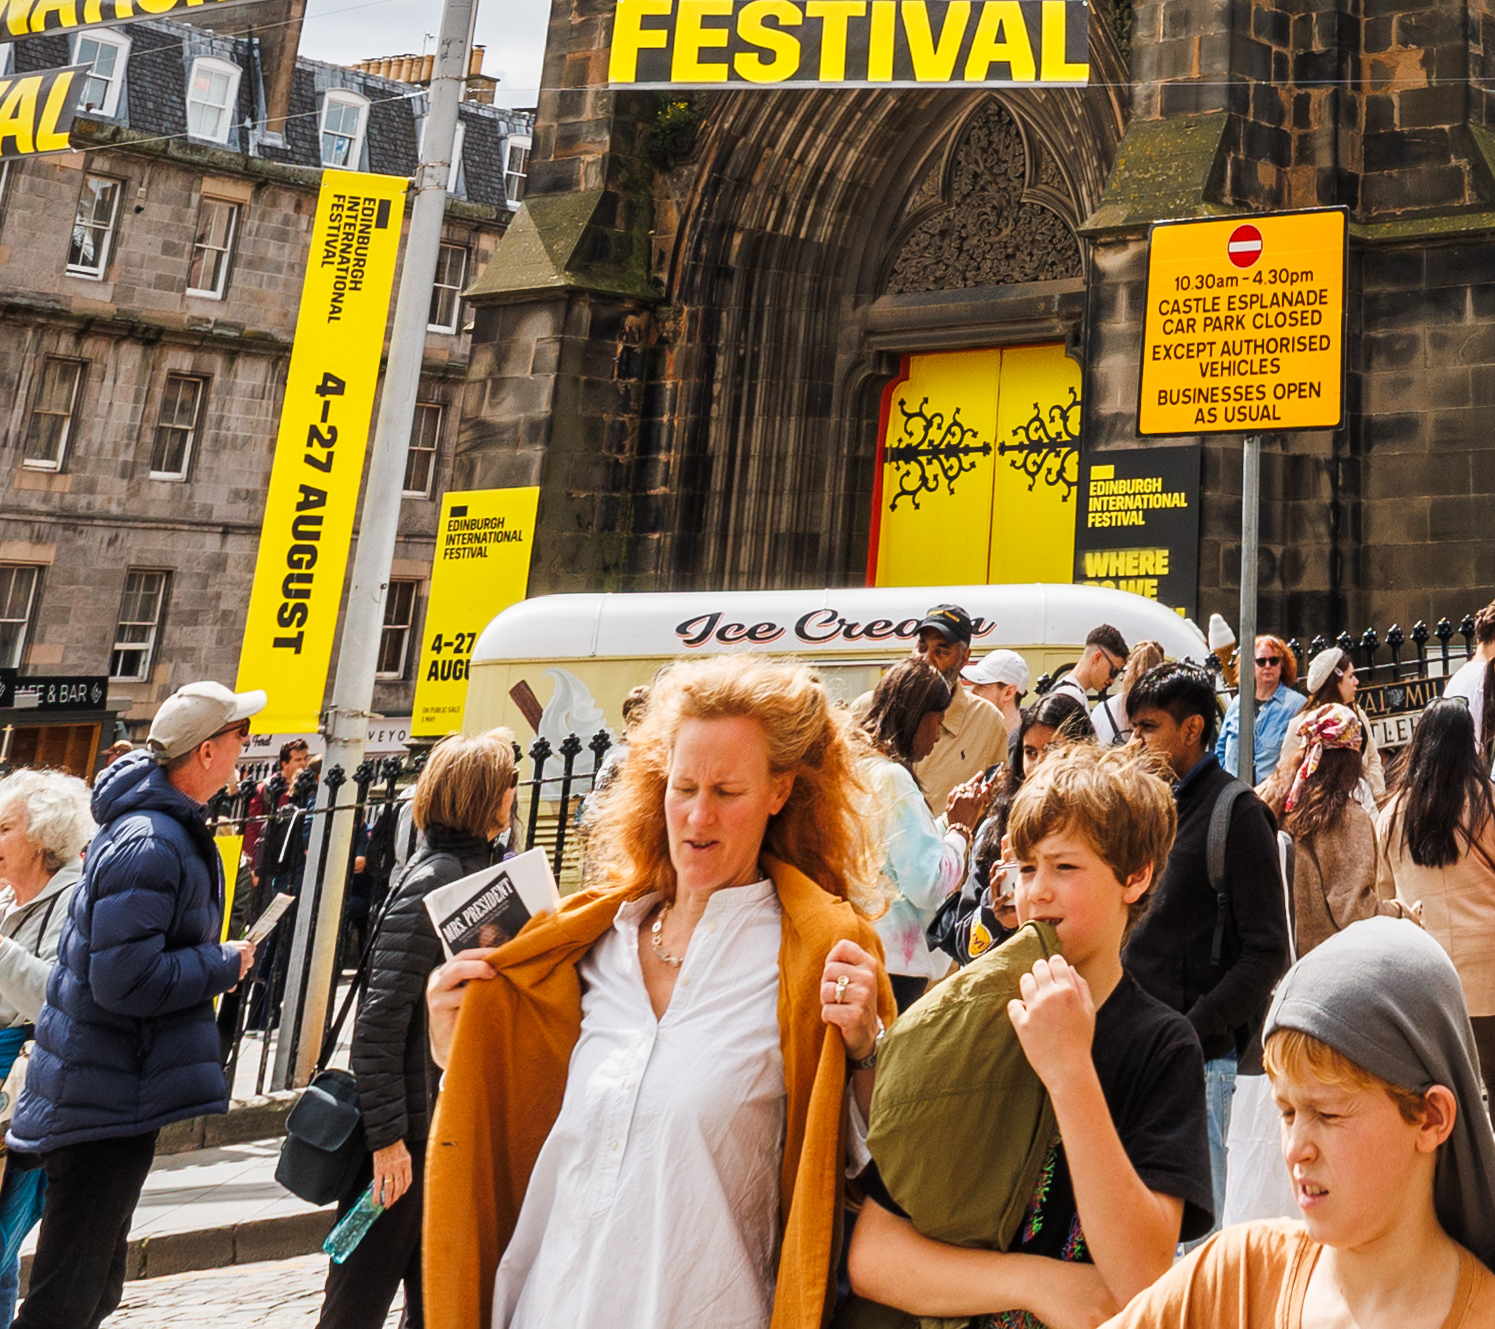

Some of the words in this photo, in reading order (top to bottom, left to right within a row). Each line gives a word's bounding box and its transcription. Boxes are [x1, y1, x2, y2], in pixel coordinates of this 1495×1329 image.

[320, 193, 346, 269] FESTIVAL
[348, 197, 376, 292] EDINBURGH
[327, 195, 362, 324] INTERNATIONAL
[1174, 273, 1239, 291] 10.30am
[1252, 268, 1314, 286] 4.30pm
[1158, 296, 1221, 316] CASTLE
[1227, 288, 1328, 311] ESPLANADE
[1162, 318, 1196, 335] CAR
[1203, 314, 1247, 332] PARK
[1252, 309, 1322, 330] CLOSED
[1152, 341, 1217, 361] EXCEPT
[1220, 334, 1331, 357] AUTHORISED
[1199, 357, 1281, 378] VEHICLES
[1157, 384, 1266, 406] BUSINESSES
[1272, 381, 1322, 400] OPEN
[1194, 407, 1217, 425] AS
[1224, 404, 1281, 422] USUAL
[1089, 477, 1162, 496] EDINBURGH
[1088, 492, 1188, 512] INTERNATIONAL
[447, 517, 505, 532] EDINBURGH
[1087, 511, 1146, 528] FESTIVAL
[445, 530, 523, 546] INTERNATIONAL
[443, 545, 488, 560] FESTIVAL
[1084, 549, 1169, 578] WHERE
[272, 483, 328, 655] AUGUST
[675, 611, 787, 648] Ice
[47, 684, 57, 703] &
[59, 684, 87, 703] BAR
[442, 916, 468, 943] MRS.
[461, 876, 514, 927] PRESIDENT

What you are asked to do » Write every line of the data out again exactly, leaving out all images.

Answer box »
Some of the words in this photo, in reading order (top to bottom, left to right within a row). Each line gives a word's bounding box and its transcription. Boxes are [x1, y1, x2, y2], in pixel coordinates of this 1495×1329 image.

[320, 193, 346, 269] FESTIVAL
[348, 197, 376, 292] EDINBURGH
[327, 195, 362, 324] INTERNATIONAL
[1174, 273, 1239, 291] 10.30am
[1252, 268, 1314, 286] 4.30pm
[1158, 296, 1221, 316] CASTLE
[1227, 288, 1328, 311] ESPLANADE
[1162, 318, 1196, 335] CAR
[1203, 314, 1247, 332] PARK
[1252, 309, 1322, 330] CLOSED
[1152, 341, 1217, 361] EXCEPT
[1220, 334, 1331, 357] AUTHORISED
[1199, 357, 1281, 378] VEHICLES
[1157, 384, 1266, 406] BUSINESSES
[1272, 381, 1322, 400] OPEN
[1194, 407, 1217, 425] AS
[1224, 404, 1281, 422] USUAL
[1089, 477, 1162, 496] EDINBURGH
[1088, 492, 1188, 512] INTERNATIONAL
[447, 517, 505, 532] EDINBURGH
[1087, 511, 1146, 528] FESTIVAL
[445, 530, 523, 546] INTERNATIONAL
[443, 545, 488, 560] FESTIVAL
[1084, 549, 1169, 578] WHERE
[272, 483, 328, 655] AUGUST
[675, 611, 787, 648] Ice
[47, 684, 57, 703] &
[59, 684, 87, 703] BAR
[442, 916, 468, 943] MRS.
[461, 876, 514, 927] PRESIDENT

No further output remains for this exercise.